2. A shorter compensable period
The Tribunal also rejected the assumption that the complainant would have remained with the respondent until age 69.
Although the complainant testified that he intended to work until that age, the Tribunal found it unlikely that he would actually have stayed with the respondent that long. There had already been workplace changes and tensions. The Tribunal concluded that a reasonable damages period was approximately 10 years, ending in 2025, rather than the much longer period advanced by the complainant.
These adjustments were critical. They converted a multi-million-dollar claim into a still very substantial, but more restrained, award.
No failure to mitigate
The Tribunal found no failure to mitigate.
The complainant had tried to find new work and did obtain employment with Strive. His actual earnings from Strive were deducted from the income he likely would have earned from the respondent. However, the Tribunal did not make any additional deduction for failure to mitigate.
The Tribunal also declined to make further reductions for COVID-19, a short period away from work for unrelated medical issues, or the potential future value of the complainant’s ownership interest in Strive. On the evidence before it, those matters did not justify reducing the wage loss award further.
The calculation of the lost income award
The Tribunal first accepted the respondent’s concession that the complainant was entitled to $267,397.26 for the initial period when he was entirely without work.
It then calculated the remaining income loss from the second half of 2017 through 2025. For each year, the Tribunal compared the complainant’s assumed income with the respondent, reduced by 25%, against his actual income from Strive.
| Year | Lost income |
|---|---|
| 2017 half-year | $2,427.63 |
| 2018 | $104,120.25 |
| 2019 | $110,783.50 |
| 2020 | $123,935.50 |
| 2021 | $39,592.75 |
| 2022 | $67,197.00 |
| 2023 | $78,798.75 |
| 2024 | $84,696.25 |
| 2025 | $86,389.25 |
| Total additional loss | $697,940.88 |
That additional loss of $697,940.88 was added to the initial $267,397.26. The total lost wage award was therefore $965,338.14.
Why the award matters
The award is important for several reasons.
First, it demonstrates the potentially significant financial consequences of a human rights breach resulting in loss of employment.
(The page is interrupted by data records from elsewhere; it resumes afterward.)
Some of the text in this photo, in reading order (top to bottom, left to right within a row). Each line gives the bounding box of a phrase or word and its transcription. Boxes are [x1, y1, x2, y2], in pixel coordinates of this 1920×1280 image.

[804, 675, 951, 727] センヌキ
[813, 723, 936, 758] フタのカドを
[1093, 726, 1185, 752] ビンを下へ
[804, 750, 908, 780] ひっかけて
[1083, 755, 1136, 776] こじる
The award was not limited to a notice period. It was based on a reconstruction of the income the complainant likely would have earned had the employment continued.
Second, the decision shows that a complainant may recover ongoing income loss even after finding new work, where the new employment produces lower earnings and the difference is causally connected to the loss of the former employment.
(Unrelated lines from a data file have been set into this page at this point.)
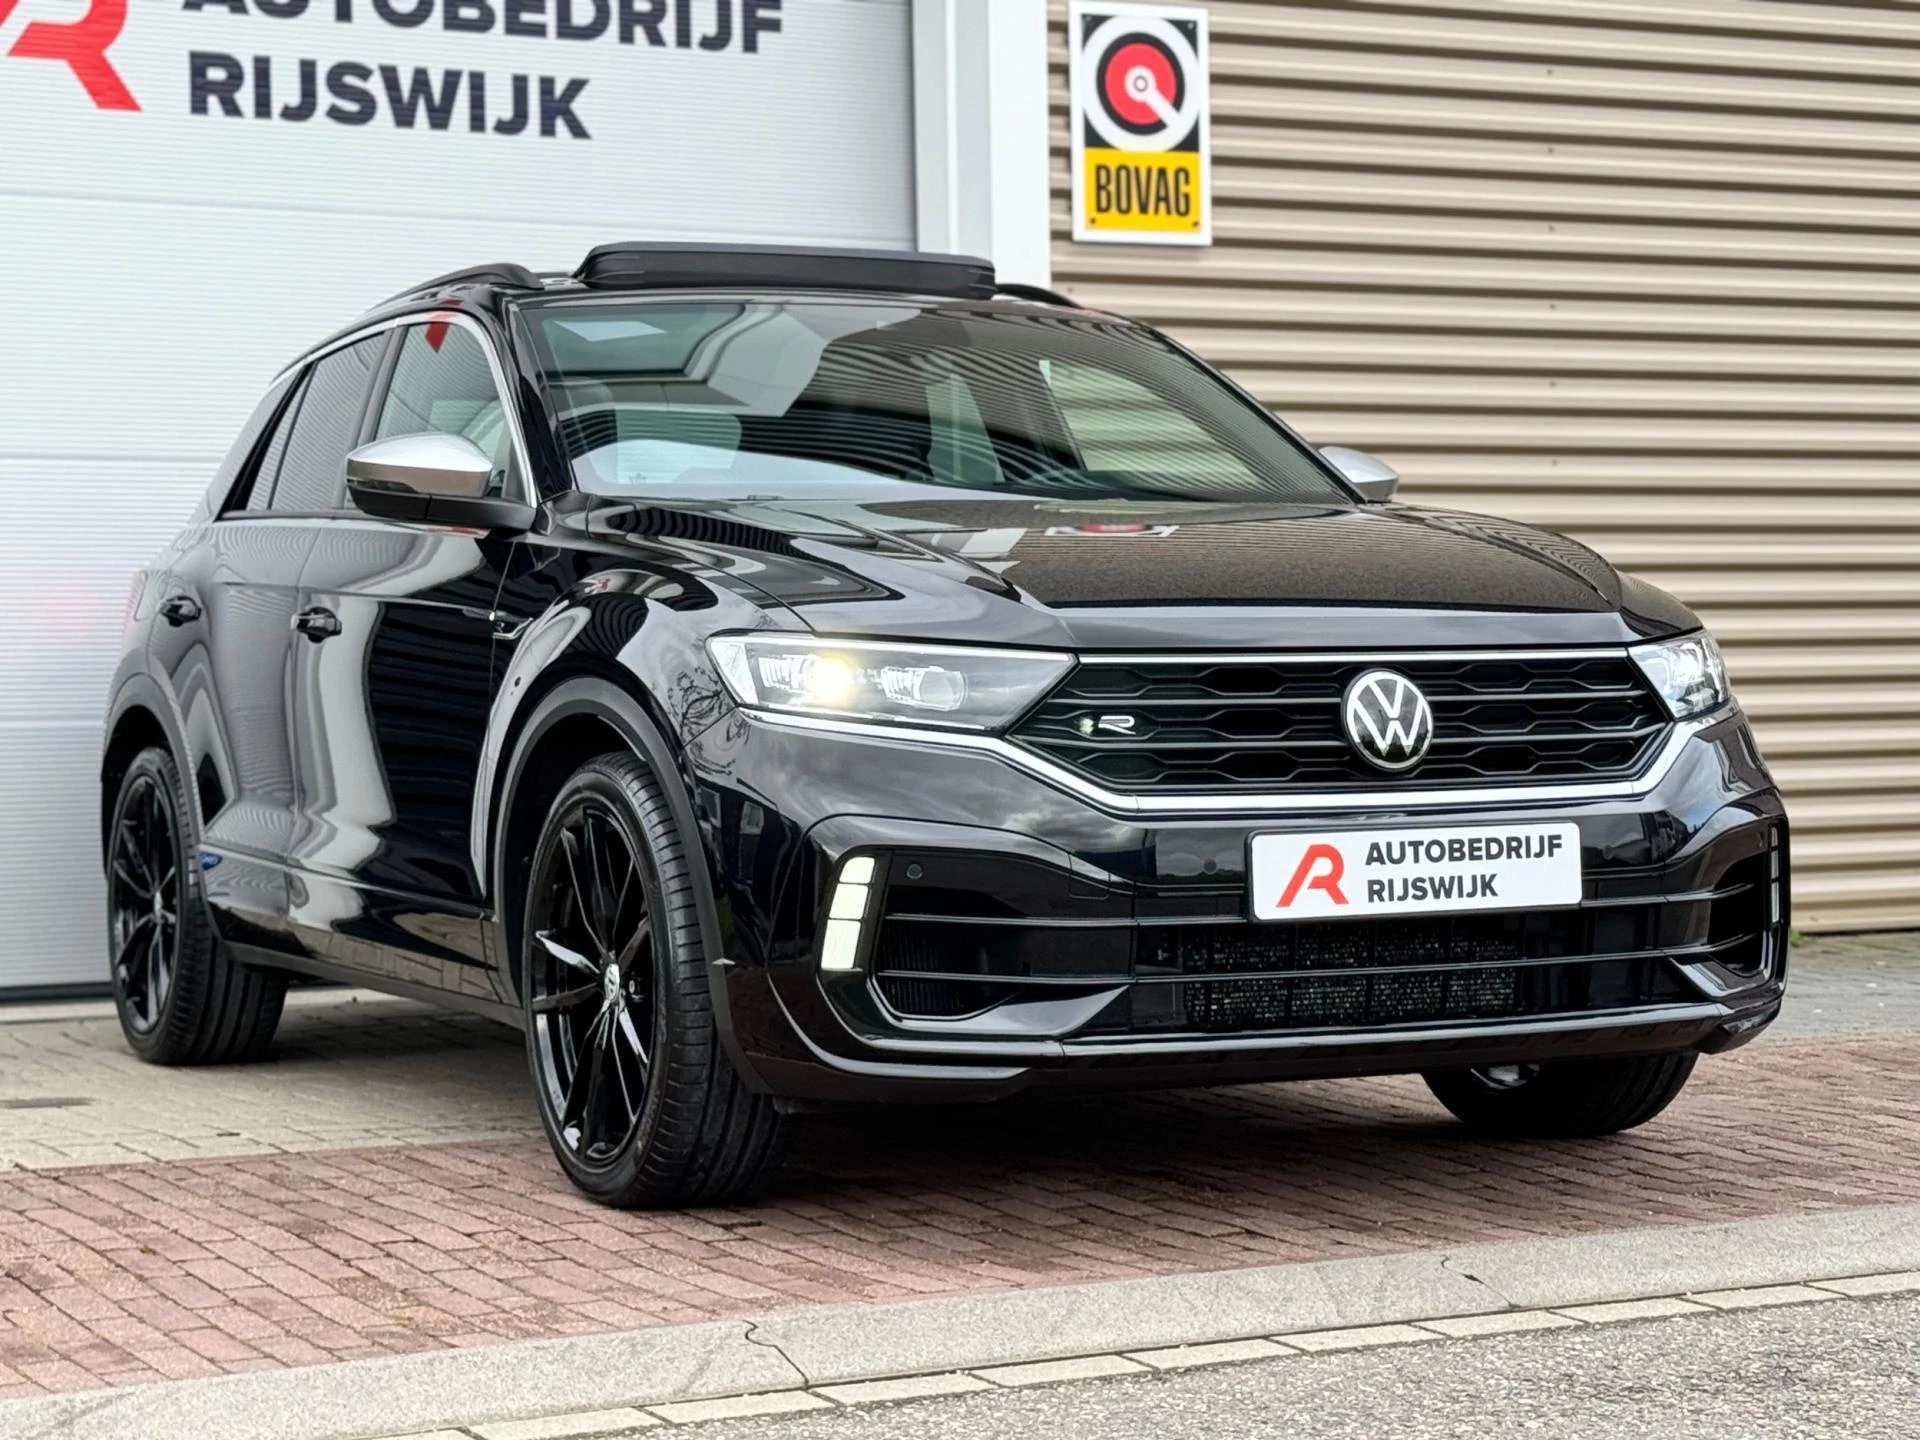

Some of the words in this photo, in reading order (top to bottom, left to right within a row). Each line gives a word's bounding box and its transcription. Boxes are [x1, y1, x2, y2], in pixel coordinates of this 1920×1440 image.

[182, 0, 781, 53] BEDRIJF
[189, 51, 592, 139] RIJSWIJK
[1095, 164, 1190, 216] BOVAG
[1365, 834, 1562, 866] AUTOBEDRIJF
[1367, 873, 1498, 903] RIJSWIJK
Third, the Tribunal’s approach was evidence-driven. It relied on tax records, corporate financial information, actuarial evidence, oral testimony, mitigation earnings, and specific contingencies. The Tribunal accepted the income loss model, but then adjusted it to reflect the realities of the workplace and the uncertainty of future employment.
Fourth, the decision is a reminder that mitigation is not merely an abstract argument. The respondent bears the burden of proving a failure to mitigate. In Volpi, the complainant had obtained alternate work and earned substantial income. Those earnings were deducted. But there was no evidentiary basis for a further mitigation deduction.
Conclusion
The lost income award in Volpi is a strong example of the remedial power of human rights tribunals in employment cases. The Tribunal awarded nearly $1 million in wage loss because the evidence supported a substantial lost income stream extending well beyond the initial period of unemployment.
At the same time, the decision shows that human rights wage loss awards remain evidence-driven. The Tribunal did not simply accept the complainant’s retirement-age projection. It reduced the projected earnings by 25% and limited the compensable period to approximately 10 years.
The result was a careful, principled damages award: significant enough to reflect the real economic consequences of the lost employment, but reduced to account for contingencies and the evidence about what likely would have happened had the employment relationship continued.